Unum Babar

MFA ’13 SIM

As a Pakistani artist-mother living by myself for a year as I waited for a visa to join my husband in the US, I had to evolve my practice into something that I can carry with me while I take my toddler to the park, work in snatches while she sleeps, or in between loads of laundry. Searching for a pragmatic solution to keep at my ongoing experimentation with cyanotypes led me to translate my imagery directly on cloth. Fabric as a medium allowed me to forge my everyday life and my creative life into one – it is soft, malleable, light and portable; mistakes, tears, stains and holes can be fixed and mended with just some thread and a needle. In the all-prevalent tedium of domestic life, it made sense to be inspired by the ubiquitous, embellished pieces of utilitarian cloth surrounding me always in Pakistan – screen printed roti rumaals (bread-wrapping napkins), pattern-woven indigenous khes (blankets), and our all-purpose dupattas (scarves) in multitudes of prints. These found objects – with their kitschy popular imagery and bold colors – along with the traditionally “feminine craft” of stitching, embroidering, quilting and mending made for a perfect conversation with my cyanotypes.  The resulting fabric collages are a collision of organic and inorganic elements within our built environments, as well as a fitting metaphor for the repairing of the two disjointed beings within me trying to navigate motherhood and being an artist, with the gentleness of vines wrapping themselves around barbed wire – still growing through adversity.

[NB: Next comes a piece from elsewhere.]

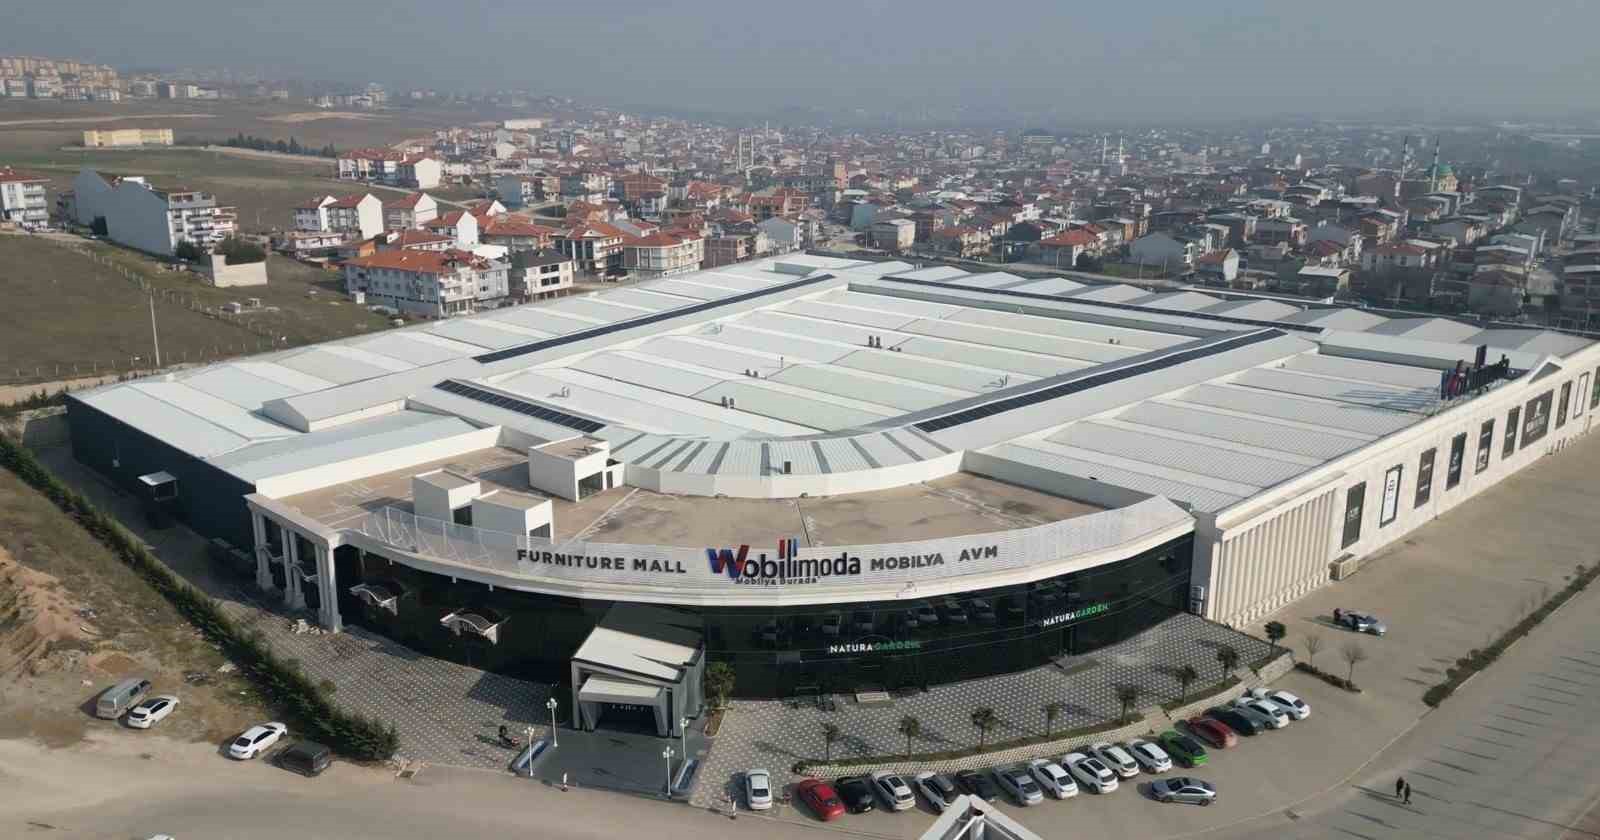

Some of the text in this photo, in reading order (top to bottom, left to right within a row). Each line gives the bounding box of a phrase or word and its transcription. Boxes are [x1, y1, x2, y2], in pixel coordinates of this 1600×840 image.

Unum Babar (SIM ‘13) received a BFA and Art Education diploma from Lahore, Pakistan. At MassArt, she was a Fulbright scholar and featured by the Boston Globe as one of Boston’s rising young artists. Since then, she worked as an Assistant Professor and exhibited widely including a permanent public art installation within the historic Lawrence Gardens of Lahore. Unum recently relocated to Florida and will be continuing her teaching at Daytona State, as well as her studio practice currently exploring alternative photographic techniques.